▸ **Brief**: From the first line to the last, set down the data exactly as given.

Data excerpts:
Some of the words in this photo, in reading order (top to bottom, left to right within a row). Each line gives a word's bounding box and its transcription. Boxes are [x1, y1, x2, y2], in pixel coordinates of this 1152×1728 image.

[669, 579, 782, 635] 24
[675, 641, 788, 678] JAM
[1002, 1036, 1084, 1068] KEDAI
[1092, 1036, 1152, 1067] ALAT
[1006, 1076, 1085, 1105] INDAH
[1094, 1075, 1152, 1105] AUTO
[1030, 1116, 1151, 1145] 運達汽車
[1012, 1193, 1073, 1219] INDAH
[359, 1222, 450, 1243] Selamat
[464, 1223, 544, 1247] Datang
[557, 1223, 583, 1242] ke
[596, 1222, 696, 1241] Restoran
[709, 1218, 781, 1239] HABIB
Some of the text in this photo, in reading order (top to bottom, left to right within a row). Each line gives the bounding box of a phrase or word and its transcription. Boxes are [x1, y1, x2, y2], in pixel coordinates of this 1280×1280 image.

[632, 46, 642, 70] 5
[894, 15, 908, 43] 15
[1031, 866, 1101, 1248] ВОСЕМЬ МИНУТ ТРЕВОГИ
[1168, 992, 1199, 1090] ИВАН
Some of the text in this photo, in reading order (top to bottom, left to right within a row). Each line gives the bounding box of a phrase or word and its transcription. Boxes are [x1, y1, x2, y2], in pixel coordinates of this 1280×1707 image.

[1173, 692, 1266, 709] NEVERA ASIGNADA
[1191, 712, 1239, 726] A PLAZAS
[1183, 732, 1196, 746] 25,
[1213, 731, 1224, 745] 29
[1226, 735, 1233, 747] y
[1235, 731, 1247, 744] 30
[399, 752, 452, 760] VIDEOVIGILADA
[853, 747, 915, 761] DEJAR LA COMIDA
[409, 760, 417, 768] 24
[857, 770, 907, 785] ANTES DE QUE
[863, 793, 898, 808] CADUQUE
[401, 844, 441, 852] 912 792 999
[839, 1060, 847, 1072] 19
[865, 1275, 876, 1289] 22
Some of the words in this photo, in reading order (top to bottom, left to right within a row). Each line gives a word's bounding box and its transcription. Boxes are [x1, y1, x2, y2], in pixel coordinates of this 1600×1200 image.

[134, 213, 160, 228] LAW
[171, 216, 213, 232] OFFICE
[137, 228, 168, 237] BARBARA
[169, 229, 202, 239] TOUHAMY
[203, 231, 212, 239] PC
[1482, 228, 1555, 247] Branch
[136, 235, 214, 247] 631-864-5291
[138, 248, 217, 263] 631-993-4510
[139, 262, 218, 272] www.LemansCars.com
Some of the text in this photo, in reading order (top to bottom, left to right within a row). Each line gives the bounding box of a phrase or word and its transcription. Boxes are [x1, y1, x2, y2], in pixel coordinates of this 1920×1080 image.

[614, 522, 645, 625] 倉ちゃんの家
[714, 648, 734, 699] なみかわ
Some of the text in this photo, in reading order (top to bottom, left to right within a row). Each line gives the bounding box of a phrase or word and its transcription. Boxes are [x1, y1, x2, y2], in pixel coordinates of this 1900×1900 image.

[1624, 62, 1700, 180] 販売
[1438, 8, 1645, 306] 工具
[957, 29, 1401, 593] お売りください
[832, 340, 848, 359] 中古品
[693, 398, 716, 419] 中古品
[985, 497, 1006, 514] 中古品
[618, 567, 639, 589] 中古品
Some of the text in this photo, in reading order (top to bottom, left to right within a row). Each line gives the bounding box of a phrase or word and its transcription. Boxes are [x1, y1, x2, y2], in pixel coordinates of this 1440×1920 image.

▸ **Task response**:
Some of the words in this photo, in reading order (top to bottom, left to right within a row). Each line gives a word's bounding box and its transcription. Boxes are [x1, y1, x2, y2], in pixel coordinates of this 1152×1728 image.

[669, 579, 782, 635] 24
[675, 641, 788, 678] JAM
[1002, 1036, 1084, 1068] KEDAI
[1092, 1036, 1152, 1067] ALAT
[1006, 1076, 1085, 1105] INDAH
[1094, 1075, 1152, 1105] AUTO
[1030, 1116, 1151, 1145] 運達汽車
[1012, 1193, 1073, 1219] INDAH
[359, 1222, 450, 1243] Selamat
[464, 1223, 544, 1247] Datang
[557, 1223, 583, 1242] ke
[596, 1222, 696, 1241] Restoran
[709, 1218, 781, 1239] HABIB
Some of the text in this photo, in reading order (top to bottom, left to right within a row). Each line gives the bounding box of a phrase or word and its transcription. Boxes are [x1, y1, x2, y2], in pixel coordinates of this 1280×1280 image.

[632, 46, 642, 70] 5
[894, 15, 908, 43] 15
[1031, 866, 1101, 1248] ВОСЕМЬ МИНУТ ТРЕВОГИ
[1168, 992, 1199, 1090] ИВАН
Some of the text in this photo, in reading order (top to bottom, left to right within a row). Each line gives the bounding box of a phrase or word and its transcription. Boxes are [x1, y1, x2, y2], in pixel coordinates of this 1280×1707 image.

[1173, 692, 1266, 709] NEVERA ASIGNADA
[1191, 712, 1239, 726] A PLAZAS
[1183, 732, 1196, 746] 25,
[1213, 731, 1224, 745] 29
[1226, 735, 1233, 747] y
[1235, 731, 1247, 744] 30
[399, 752, 452, 760] VIDEOVIGILADA
[853, 747, 915, 761] DEJAR LA COMIDA
[409, 760, 417, 768] 24
[857, 770, 907, 785] ANTES DE QUE
[863, 793, 898, 808] CADUQUE
[401, 844, 441, 852] 912 792 999
[839, 1060, 847, 1072] 19
[865, 1275, 876, 1289] 22
Some of the words in this photo, in reading order (top to bottom, left to right within a row). Each line gives a word's bounding box and its transcription. Boxes are [x1, y1, x2, y2], in pixel coordinates of this 1600×1200 image.

[134, 213, 160, 228] LAW
[171, 216, 213, 232] OFFICE
[137, 228, 168, 237] BARBARA
[169, 229, 202, 239] TOUHAMY
[203, 231, 212, 239] PC
[1482, 228, 1555, 247] Branch
[136, 235, 214, 247] 631-864-5291
[138, 248, 217, 263] 631-993-4510
[139, 262, 218, 272] www.LemansCars.com
Some of the text in this photo, in reading order (top to bottom, left to right within a row). Each line gives the bounding box of a phrase or word and its transcription. Boxes are [x1, y1, x2, y2], in pixel coordinates of this 1920×1080 image.

[614, 522, 645, 625] 倉ちゃんの家
[714, 648, 734, 699] なみかわ
Some of the text in this photo, in reading order (top to bottom, left to right within a row). Each line gives the bounding box of a phrase or word and its transcription. Boxes are [x1, y1, x2, y2], in pixel coordinates of this 1900×1900 image.

[1624, 62, 1700, 180] 販売
[1438, 8, 1645, 306] 工具
[957, 29, 1401, 593] お売りください
[832, 340, 848, 359] 中古品
[693, 398, 716, 419] 中古品
[985, 497, 1006, 514] 中古品
[618, 567, 639, 589] 中古品
Some of the text in this photo, in reading order (top to bottom, left to right within a row). Each line gives the bounding box of a phrase or word and its transcription. Boxes are [x1, y1, x2, y2], in pixel coordinates of this 1440×1920 image.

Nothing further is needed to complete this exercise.